## Activity
Print out every entry, keeping each line identical to the original.

[Dataset records]
☆ ☆ ☆ ☆

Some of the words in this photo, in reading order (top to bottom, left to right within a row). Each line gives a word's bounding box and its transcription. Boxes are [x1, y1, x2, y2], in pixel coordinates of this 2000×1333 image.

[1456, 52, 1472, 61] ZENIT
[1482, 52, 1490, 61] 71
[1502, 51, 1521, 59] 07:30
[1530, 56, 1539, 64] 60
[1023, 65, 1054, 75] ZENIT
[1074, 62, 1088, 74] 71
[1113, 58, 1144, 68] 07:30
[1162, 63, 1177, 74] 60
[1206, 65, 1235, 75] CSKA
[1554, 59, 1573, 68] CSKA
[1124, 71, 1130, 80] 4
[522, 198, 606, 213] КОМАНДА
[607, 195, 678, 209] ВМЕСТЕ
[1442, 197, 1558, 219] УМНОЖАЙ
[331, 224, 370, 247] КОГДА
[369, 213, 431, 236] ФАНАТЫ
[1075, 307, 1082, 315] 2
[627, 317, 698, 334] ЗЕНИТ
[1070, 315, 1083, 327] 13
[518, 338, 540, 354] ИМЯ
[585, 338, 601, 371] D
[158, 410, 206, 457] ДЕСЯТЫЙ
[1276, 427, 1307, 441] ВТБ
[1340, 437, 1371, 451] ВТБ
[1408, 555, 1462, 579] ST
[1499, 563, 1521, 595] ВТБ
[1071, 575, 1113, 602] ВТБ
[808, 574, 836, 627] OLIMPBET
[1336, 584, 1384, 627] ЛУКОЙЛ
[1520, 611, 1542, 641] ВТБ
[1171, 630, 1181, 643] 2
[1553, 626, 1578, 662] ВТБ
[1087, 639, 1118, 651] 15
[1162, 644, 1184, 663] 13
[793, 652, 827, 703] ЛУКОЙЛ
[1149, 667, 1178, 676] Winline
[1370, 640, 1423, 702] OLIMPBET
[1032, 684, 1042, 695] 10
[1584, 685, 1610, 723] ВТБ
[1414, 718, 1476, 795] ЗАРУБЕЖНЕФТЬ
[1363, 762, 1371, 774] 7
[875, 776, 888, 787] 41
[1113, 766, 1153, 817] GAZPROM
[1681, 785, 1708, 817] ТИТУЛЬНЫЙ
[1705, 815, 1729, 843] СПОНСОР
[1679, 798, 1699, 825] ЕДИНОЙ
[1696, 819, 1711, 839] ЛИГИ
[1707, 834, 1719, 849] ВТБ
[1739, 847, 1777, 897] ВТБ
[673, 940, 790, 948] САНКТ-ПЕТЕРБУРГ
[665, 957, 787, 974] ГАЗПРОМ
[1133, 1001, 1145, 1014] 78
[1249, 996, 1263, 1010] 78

☆ ☆ ☆ ☆

## Response to the exercise
Some of the words in this photo, in reading order (top to bottom, left to right within a row). Each line gives a word's bounding box and its transcription. Boxes are [x1, y1, x2, y2], in pixel coordinates of this 2000×1333 image.

[1456, 52, 1472, 61] ZENIT
[1482, 52, 1490, 61] 71
[1502, 51, 1521, 59] 07:30
[1530, 56, 1539, 64] 60
[1023, 65, 1054, 75] ZENIT
[1074, 62, 1088, 74] 71
[1113, 58, 1144, 68] 07:30
[1162, 63, 1177, 74] 60
[1206, 65, 1235, 75] CSKA
[1554, 59, 1573, 68] CSKA
[1124, 71, 1130, 80] 4
[522, 198, 606, 213] КОМАНДА
[607, 195, 678, 209] ВМЕСТЕ
[1442, 197, 1558, 219] УМНОЖАЙ
[331, 224, 370, 247] КОГДА
[369, 213, 431, 236] ФАНАТЫ
[1075, 307, 1082, 315] 2
[627, 317, 698, 334] ЗЕНИТ
[1070, 315, 1083, 327] 13
[518, 338, 540, 354] ИМЯ
[585, 338, 601, 371] D
[158, 410, 206, 457] ДЕСЯТЫЙ
[1276, 427, 1307, 441] ВТБ
[1340, 437, 1371, 451] ВТБ
[1408, 555, 1462, 579] ST
[1499, 563, 1521, 595] ВТБ
[1071, 575, 1113, 602] ВТБ
[808, 574, 836, 627] OLIMPBET
[1336, 584, 1384, 627] ЛУКОЙЛ
[1520, 611, 1542, 641] ВТБ
[1171, 630, 1181, 643] 2
[1553, 626, 1578, 662] ВТБ
[1087, 639, 1118, 651] 15
[1162, 644, 1184, 663] 13
[793, 652, 827, 703] ЛУКОЙЛ
[1149, 667, 1178, 676] Winline
[1370, 640, 1423, 702] OLIMPBET
[1032, 684, 1042, 695] 10
[1584, 685, 1610, 723] ВТБ
[1414, 718, 1476, 795] ЗАРУБЕЖНЕФТЬ
[1363, 762, 1371, 774] 7
[875, 776, 888, 787] 41
[1113, 766, 1153, 817] GAZPROM
[1681, 785, 1708, 817] ТИТУЛЬНЫЙ
[1705, 815, 1729, 843] СПОНСОР
[1679, 798, 1699, 825] ЕДИНОЙ
[1696, 819, 1711, 839] ЛИГИ
[1707, 834, 1719, 849] ВТБ
[1739, 847, 1777, 897] ВТБ
[673, 940, 790, 948] САНКТ-ПЕТЕРБУРГ
[665, 957, 787, 974] ГАЗПРОМ
[1133, 1001, 1145, 1014] 78
[1249, 996, 1263, 1010] 78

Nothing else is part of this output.